DATA EXCERPTS START

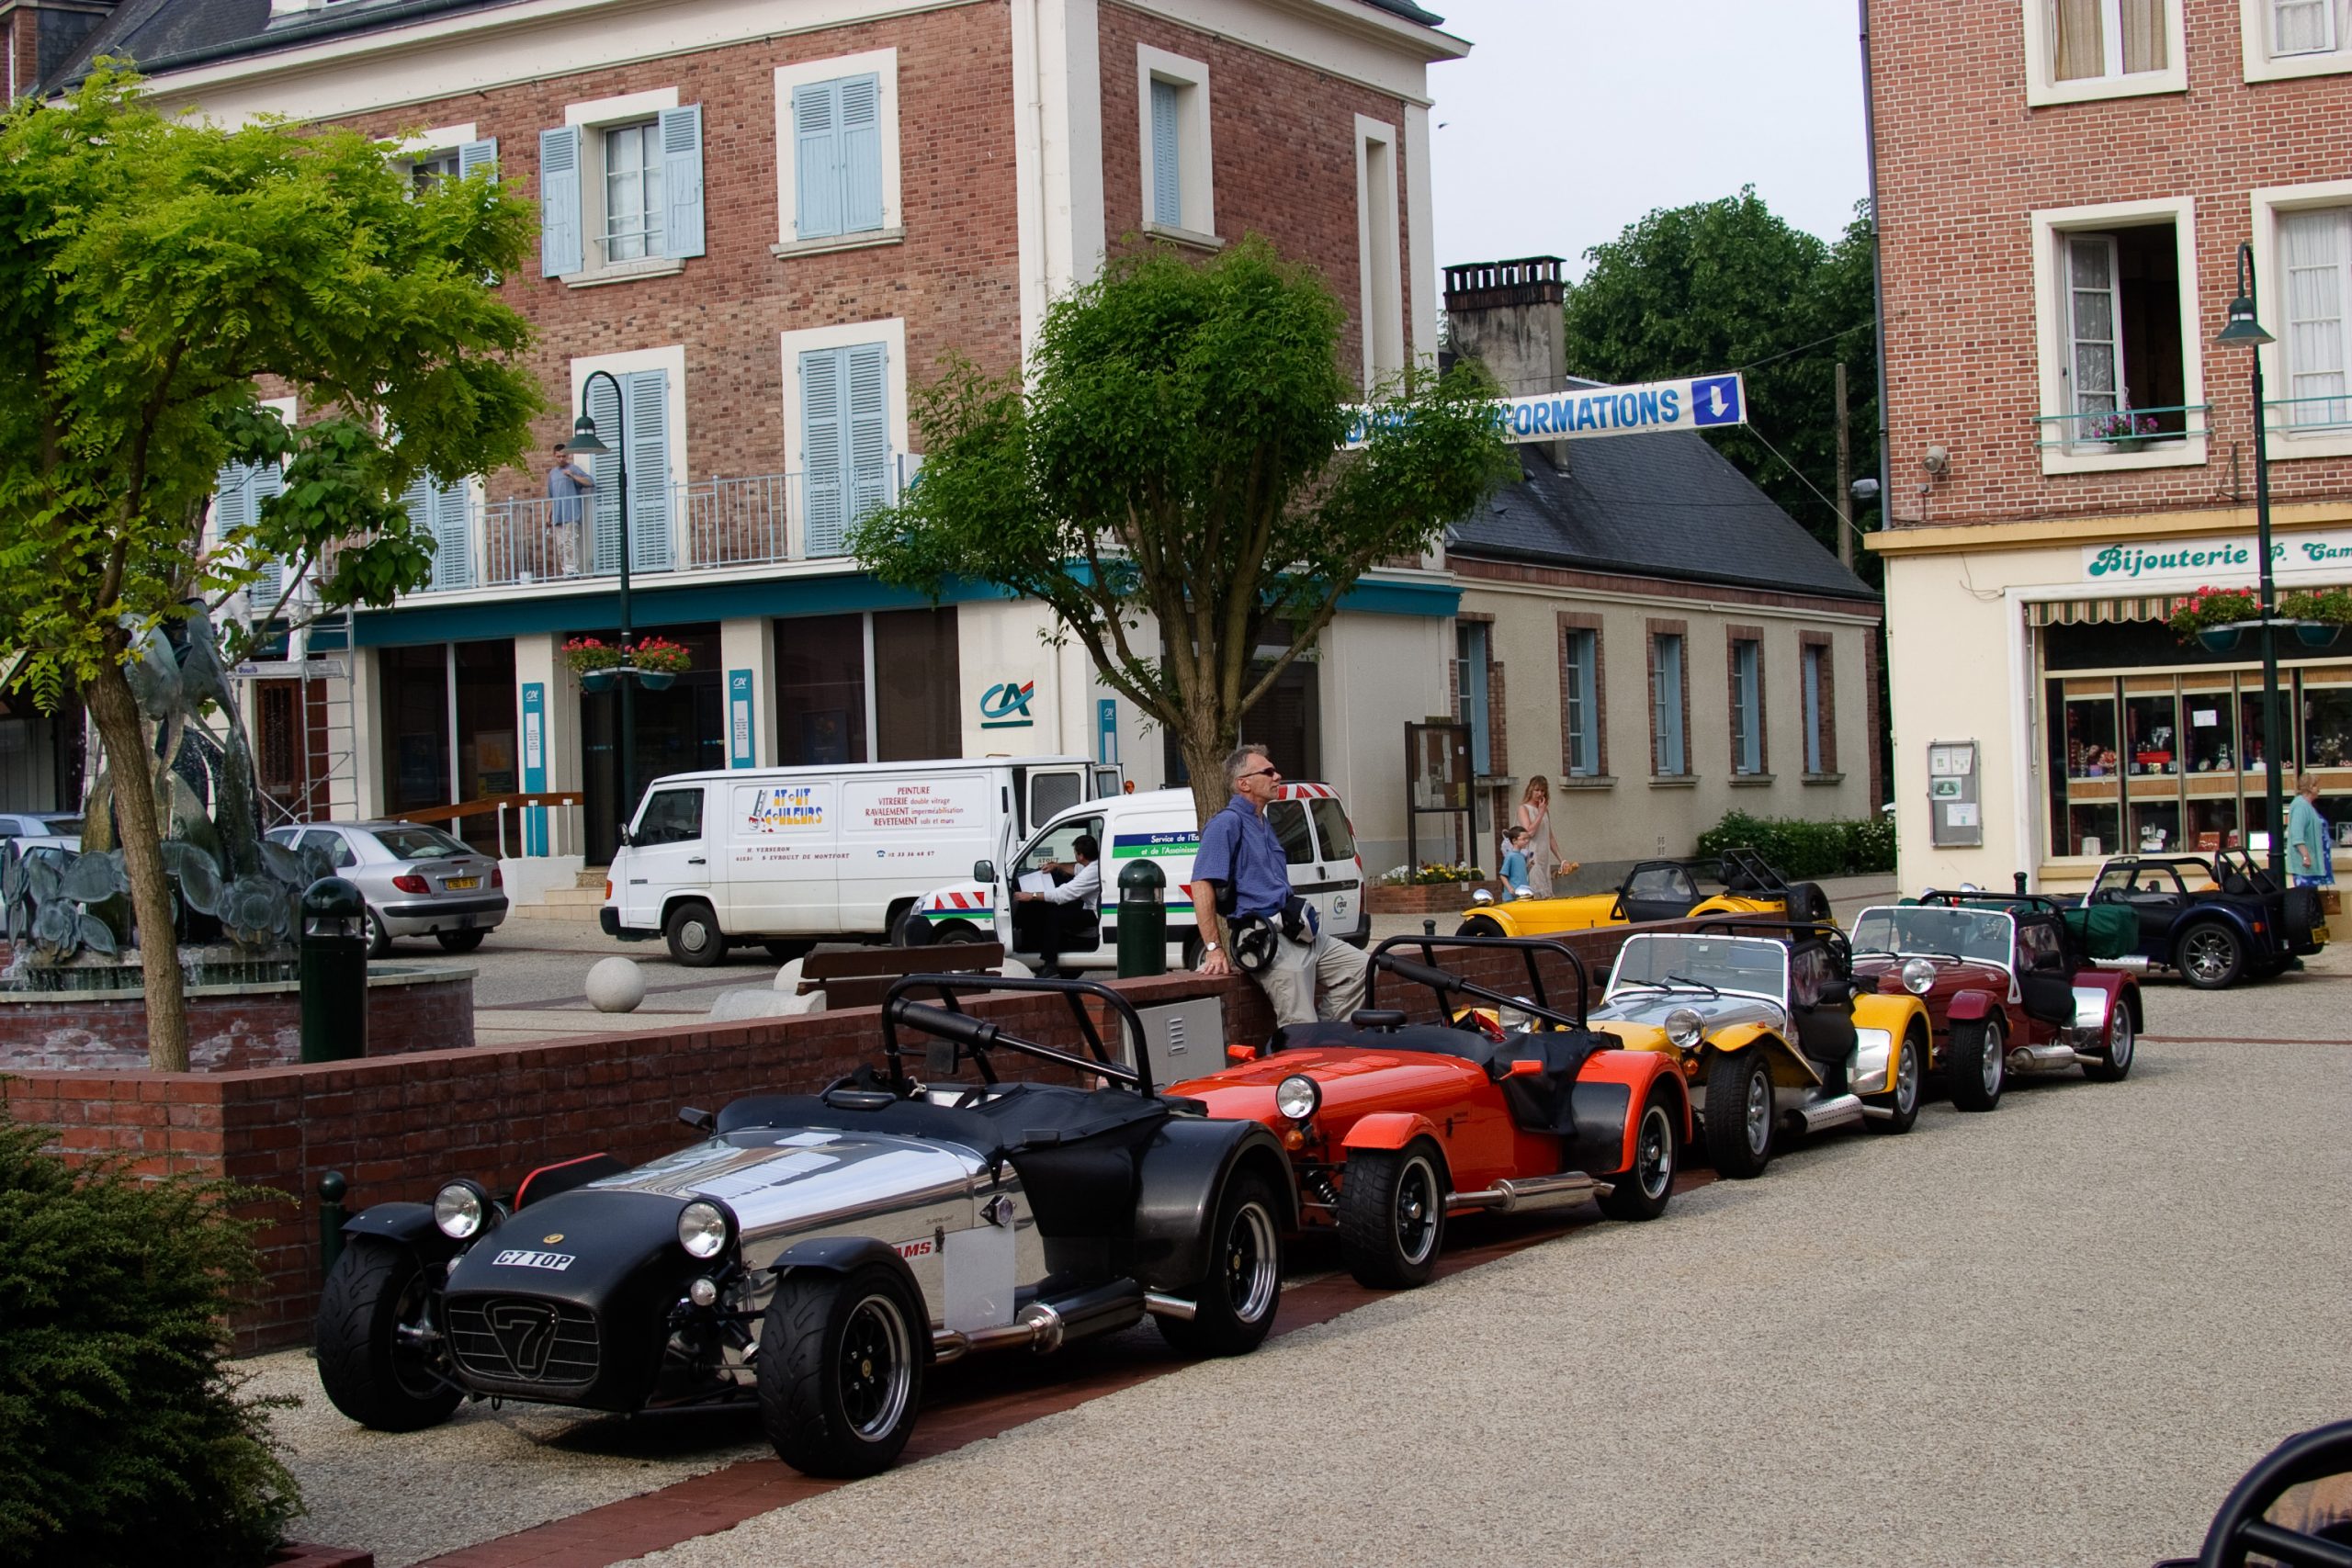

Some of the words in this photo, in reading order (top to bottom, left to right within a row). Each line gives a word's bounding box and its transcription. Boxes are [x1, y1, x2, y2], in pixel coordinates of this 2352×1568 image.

[1477, 389, 1679, 436] FORMATIONS
[2088, 543, 2249, 577] Bijouterie
[980, 680, 1034, 718] CA
[774, 788, 810, 807] ATOUT
[898, 786, 931, 795] PEINTURE
[878, 797, 908, 806] VITRERIE
[931, 797, 950, 806] vitrage
[765, 807, 822, 825] COULEURS
[865, 807, 909, 817] RAVALEMENT
[874, 818, 917, 826] REVETEMENT
[1151, 835, 1174, 843] Service
[1177, 834, 1185, 842] de
[497, 1251, 526, 1264] C7
[528, 1252, 571, 1268] TOP
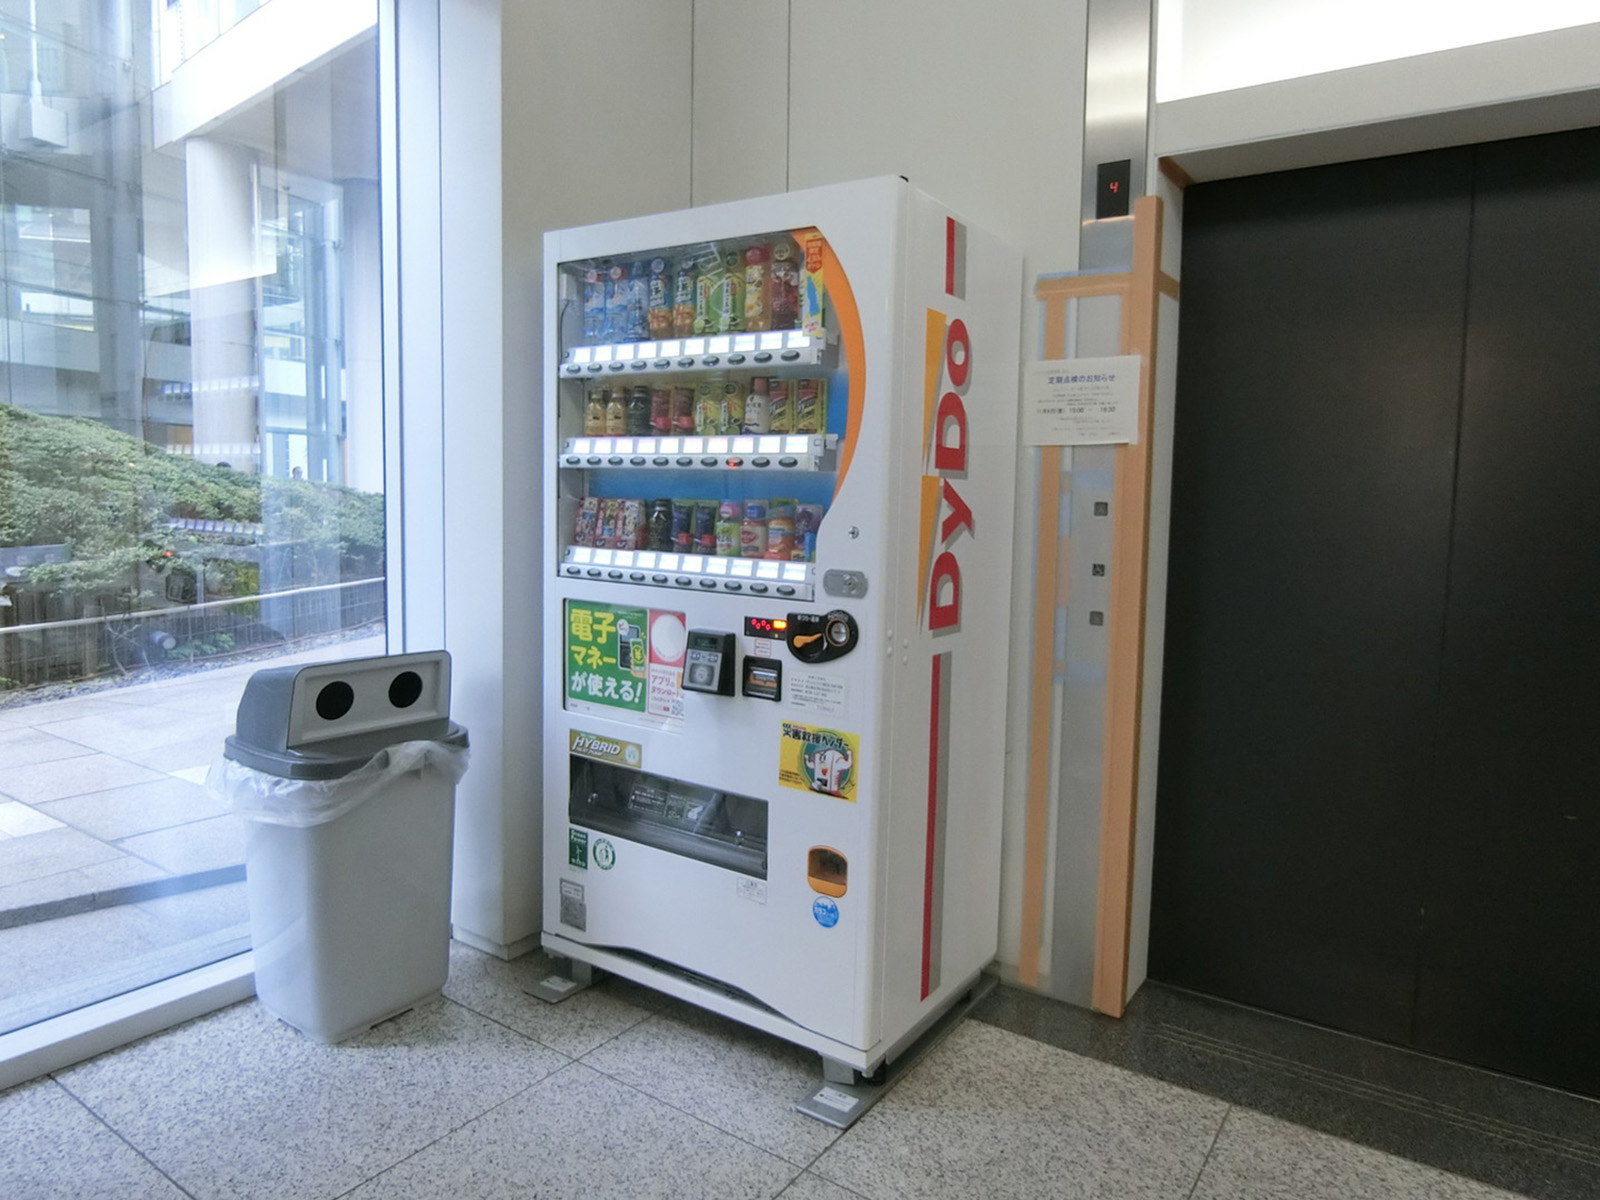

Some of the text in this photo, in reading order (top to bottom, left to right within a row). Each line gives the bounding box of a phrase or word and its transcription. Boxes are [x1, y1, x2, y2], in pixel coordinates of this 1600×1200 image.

[1109, 181, 1119, 193] 4
[570, 608, 617, 644] 電子
[570, 645, 617, 669] マネー
[571, 736, 621, 755] HYBRID

DATA EXCERPTS END

*PROBLEM*. Please copy the data shown above, line by line and exactly, omitting the images.

*SOLUTION TO THIS TASK*.
Some of the words in this photo, in reading order (top to bottom, left to right within a row). Each line gives a word's bounding box and its transcription. Boxes are [x1, y1, x2, y2], in pixel coordinates of this 2352×1568 image.

[1477, 389, 1679, 436] FORMATIONS
[2088, 543, 2249, 577] Bijouterie
[980, 680, 1034, 718] CA
[774, 788, 810, 807] ATOUT
[898, 786, 931, 795] PEINTURE
[878, 797, 908, 806] VITRERIE
[931, 797, 950, 806] vitrage
[765, 807, 822, 825] COULEURS
[865, 807, 909, 817] RAVALEMENT
[874, 818, 917, 826] REVETEMENT
[1151, 835, 1174, 843] Service
[1177, 834, 1185, 842] de
[497, 1251, 526, 1264] C7
[528, 1252, 571, 1268] TOP

Some of the text in this photo, in reading order (top to bottom, left to right within a row). Each line gives the bounding box of a phrase or word and its transcription. Boxes are [x1, y1, x2, y2], in pixel coordinates of this 1600×1200 image.

[1109, 181, 1119, 193] 4
[570, 608, 617, 644] 電子
[570, 645, 617, 669] マネー
[571, 736, 621, 755] HYBRID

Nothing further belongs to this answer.